What to do: Reproduce all entries verbatim, with nothing added or dropped.

◇ ◇ ◇ ◇ ◇ ◇ ◇

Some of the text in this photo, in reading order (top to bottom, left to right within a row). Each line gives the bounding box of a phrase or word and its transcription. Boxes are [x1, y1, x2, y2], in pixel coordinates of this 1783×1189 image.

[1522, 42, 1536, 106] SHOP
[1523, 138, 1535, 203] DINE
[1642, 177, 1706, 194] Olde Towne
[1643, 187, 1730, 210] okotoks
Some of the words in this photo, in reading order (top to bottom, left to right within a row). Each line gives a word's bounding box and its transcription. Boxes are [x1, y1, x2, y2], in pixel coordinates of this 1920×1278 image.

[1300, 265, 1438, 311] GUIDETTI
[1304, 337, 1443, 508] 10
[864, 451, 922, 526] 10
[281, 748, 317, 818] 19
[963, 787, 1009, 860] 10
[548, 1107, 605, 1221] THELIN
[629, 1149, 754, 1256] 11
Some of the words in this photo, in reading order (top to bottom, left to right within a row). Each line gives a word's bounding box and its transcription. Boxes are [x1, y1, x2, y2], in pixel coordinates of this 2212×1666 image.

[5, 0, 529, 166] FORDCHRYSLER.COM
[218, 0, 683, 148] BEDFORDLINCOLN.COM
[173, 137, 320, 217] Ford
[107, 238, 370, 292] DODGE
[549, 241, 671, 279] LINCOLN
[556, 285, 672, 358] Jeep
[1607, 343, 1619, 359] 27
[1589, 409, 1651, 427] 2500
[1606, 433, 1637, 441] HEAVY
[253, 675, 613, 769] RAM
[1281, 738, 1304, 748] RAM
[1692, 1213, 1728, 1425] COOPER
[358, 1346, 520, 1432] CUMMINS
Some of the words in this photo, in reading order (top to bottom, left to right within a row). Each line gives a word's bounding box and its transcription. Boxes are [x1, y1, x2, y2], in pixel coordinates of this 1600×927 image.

◇ ◇ ◇ ◇ ◇ ◇ ◇

Output for this exercise:
Some of the text in this photo, in reading order (top to bottom, left to right within a row). Each line gives the bounding box of a phrase or word and its transcription. Boxes are [x1, y1, x2, y2], in pixel coordinates of this 1783×1189 image.

[1522, 42, 1536, 106] SHOP
[1523, 138, 1535, 203] DINE
[1642, 177, 1706, 194] Olde Towne
[1643, 187, 1730, 210] okotoks
Some of the words in this photo, in reading order (top to bottom, left to right within a row). Each line gives a word's bounding box and its transcription. Boxes are [x1, y1, x2, y2], in pixel coordinates of this 1920×1278 image.

[1300, 265, 1438, 311] GUIDETTI
[1304, 337, 1443, 508] 10
[864, 451, 922, 526] 10
[281, 748, 317, 818] 19
[963, 787, 1009, 860] 10
[548, 1107, 605, 1221] THELIN
[629, 1149, 754, 1256] 11
Some of the words in this photo, in reading order (top to bottom, left to right within a row). Each line gives a word's bounding box and its transcription. Boxes are [x1, y1, x2, y2], in pixel coordinates of this 2212×1666 image.

[5, 0, 529, 166] FORDCHRYSLER.COM
[218, 0, 683, 148] BEDFORDLINCOLN.COM
[173, 137, 320, 217] Ford
[107, 238, 370, 292] DODGE
[549, 241, 671, 279] LINCOLN
[556, 285, 672, 358] Jeep
[1607, 343, 1619, 359] 27
[1589, 409, 1651, 427] 2500
[1606, 433, 1637, 441] HEAVY
[253, 675, 613, 769] RAM
[1281, 738, 1304, 748] RAM
[1692, 1213, 1728, 1425] COOPER
[358, 1346, 520, 1432] CUMMINS
Some of the words in this photo, in reading order (top to bottom, left to right within a row). Each line gives a word's bounding box and its transcription. Boxes are [x1, y1, x2, y2], in pixel coordinates of this 1600×927 image.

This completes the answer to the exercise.